Polarisation rotation of slow light with orbital angular momentum in ultracold atomic gases

TL;DR

This paper investigates how slow light with orbital angular momentum propagates in a rotating ultracold atomic medium, revealing a measurable polarization rotation that can be used to determine the medium's rotation frequency.

Contribution

It derives a general equation of motion for slow light with OAM in moving media and proposes a method to measure medium rotation via polarization rotation differences.

Findings

Polarization plane rotation is proportional to medium's rotation frequency and light's winding number.

The differential polarization rotation can be used to measure the medium's rotation frequency.

The effect is significant for slow light, enabling practical rotation sensing.

Abstract

We consider the propagation of slow light with an orbital angular momentum (OAM) in a moving atomic medium. We have derived a general equation of motion and applied it in analysing propagation of slow light with an OAM in a rotating medium, such as a vortex lattice.

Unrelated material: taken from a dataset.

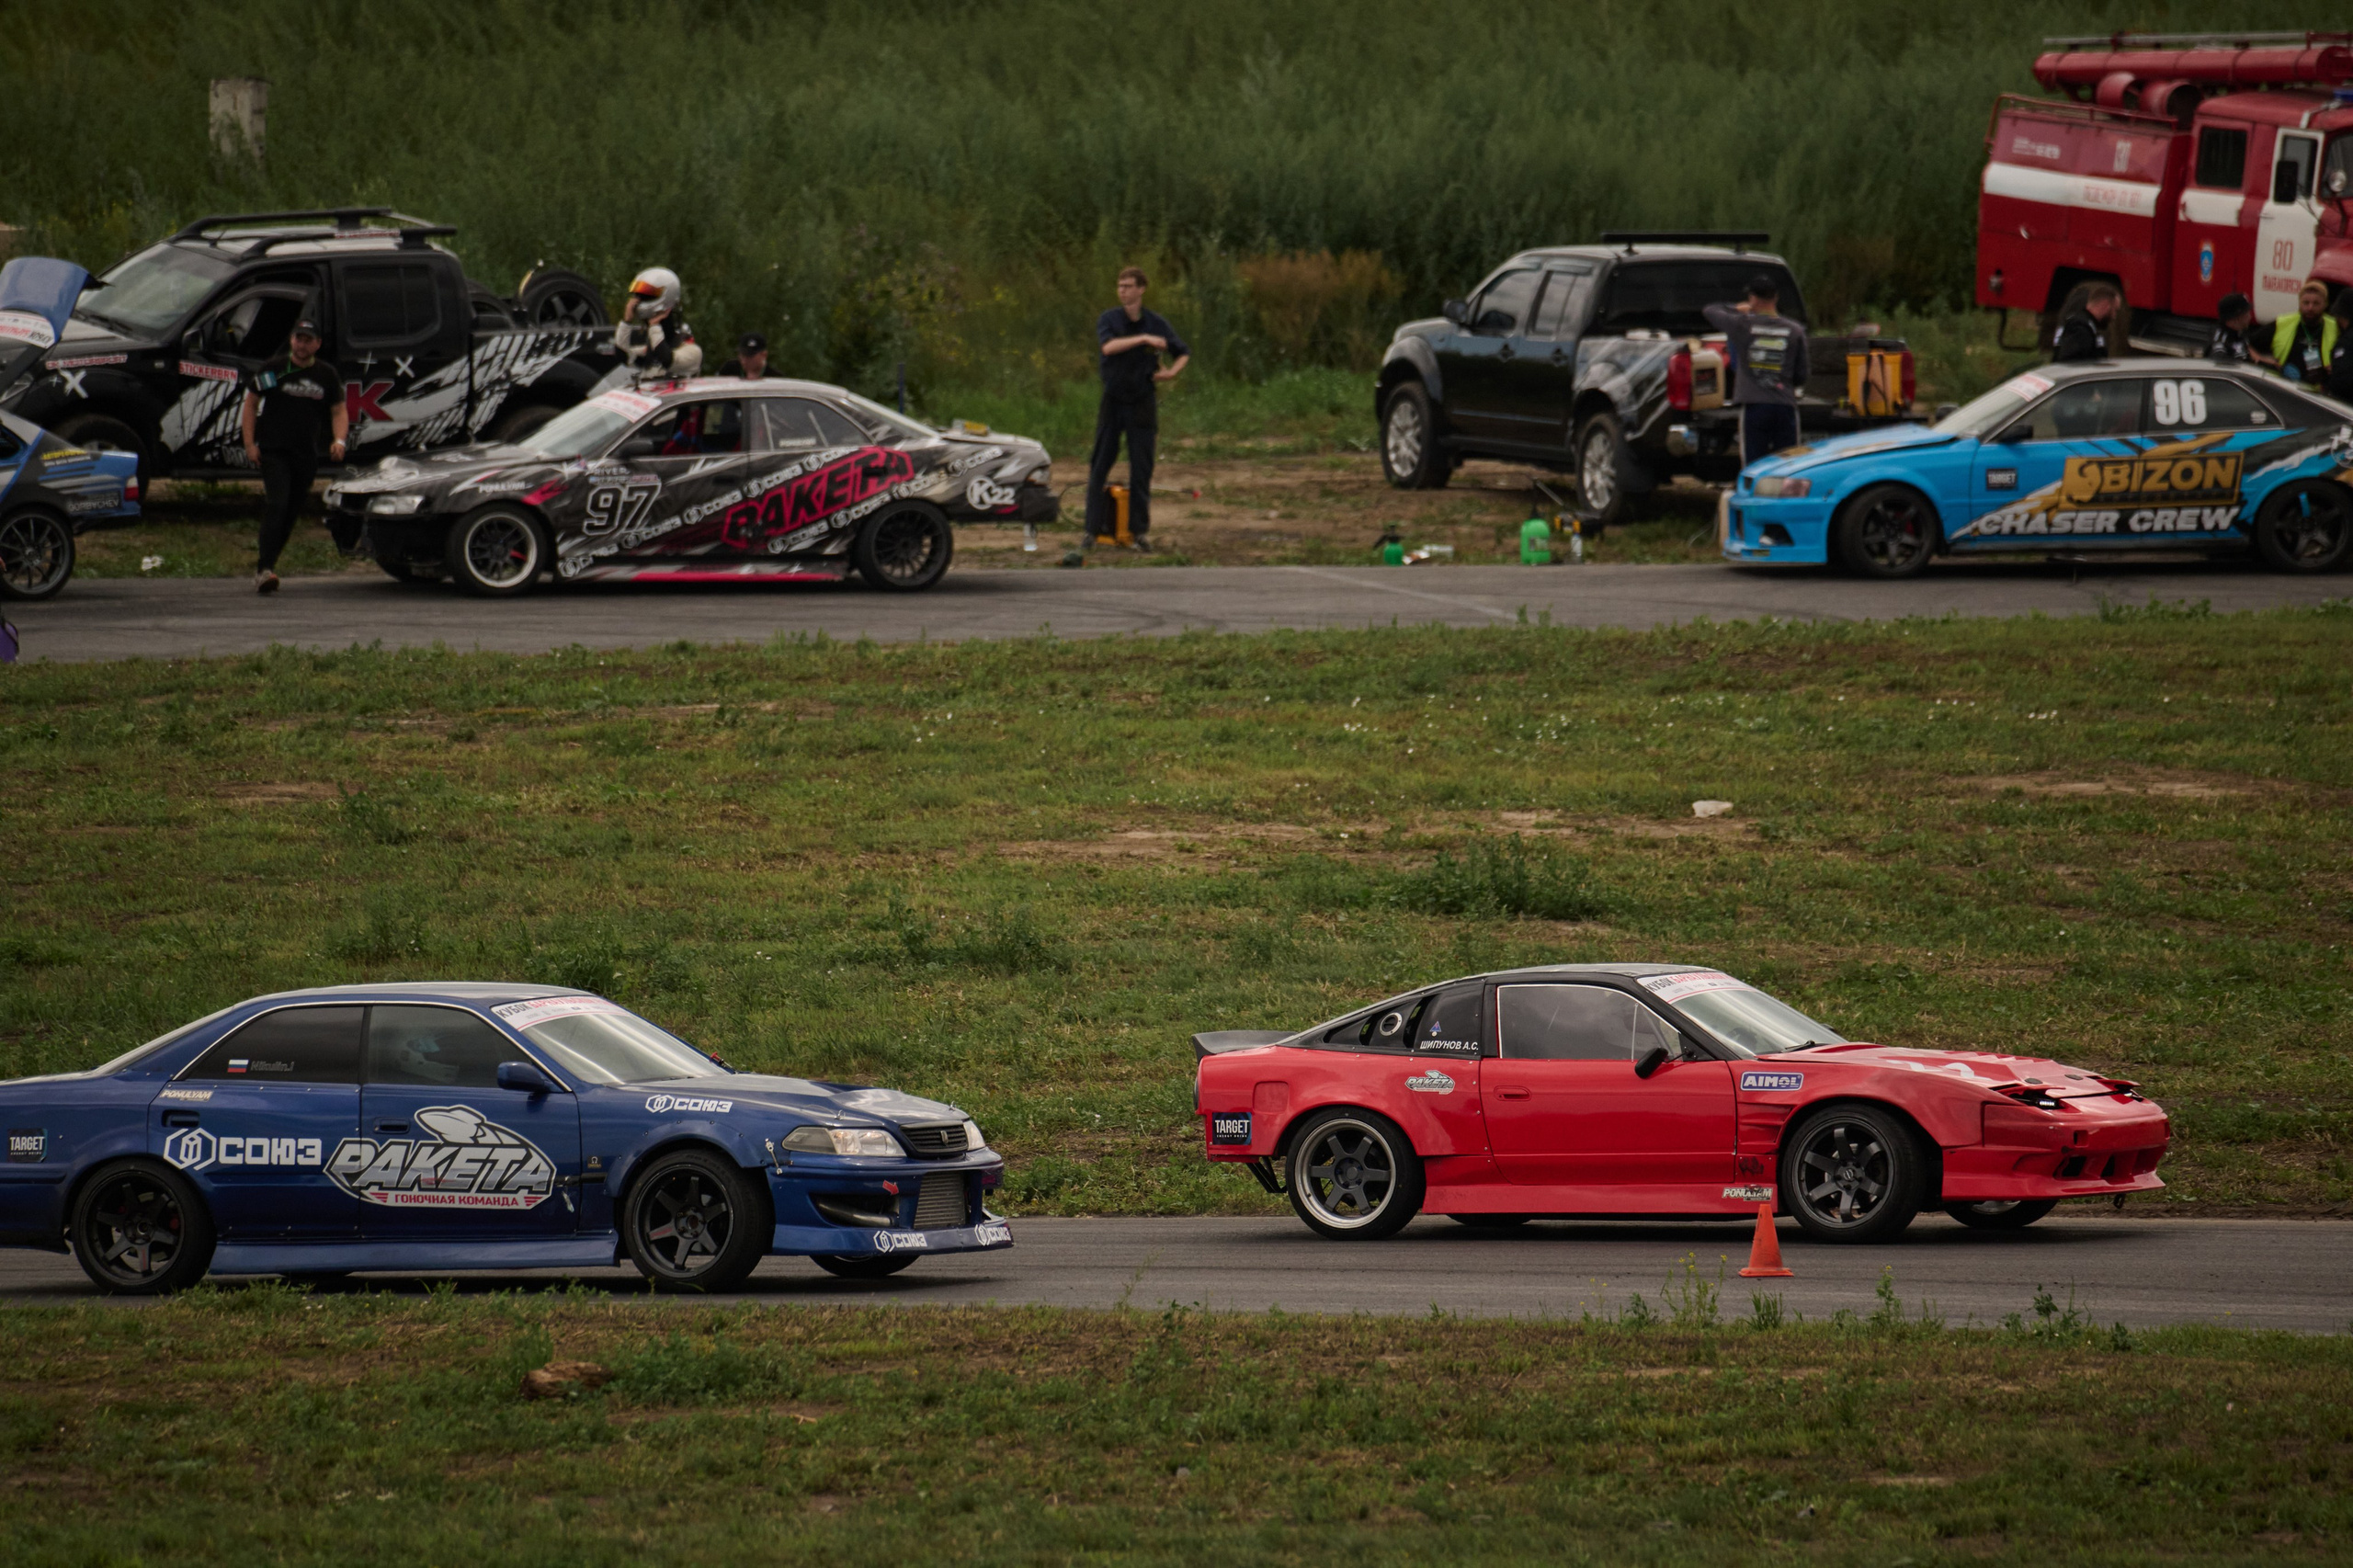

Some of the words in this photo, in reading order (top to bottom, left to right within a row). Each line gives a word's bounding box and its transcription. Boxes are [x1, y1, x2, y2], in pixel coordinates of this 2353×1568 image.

We have shown that the OAM of slow light manifests itself in a rotation of the polarisation plane of linearly polarised light. To extract a pure rotational phase shift, we suggest to measure a difference in the angle of the polarisation plane rotation by two consecutive light beams with opposite OAM. The differential angle $\Delta\alpha_{\ell}$ is proportional to the rotation frequency of the medium $\omega_{\mathrm{rot}}$ and the winding number $\ell$ of light, and is inversely proportional to the group velocity of light. For slow light the angle $\Delta\alpha_{\ell}$ should be large enough to be detectable. The effect can be used as a tool for measuring the rotation frequency $\omega_{\mathrm{rot}}$ of the medium.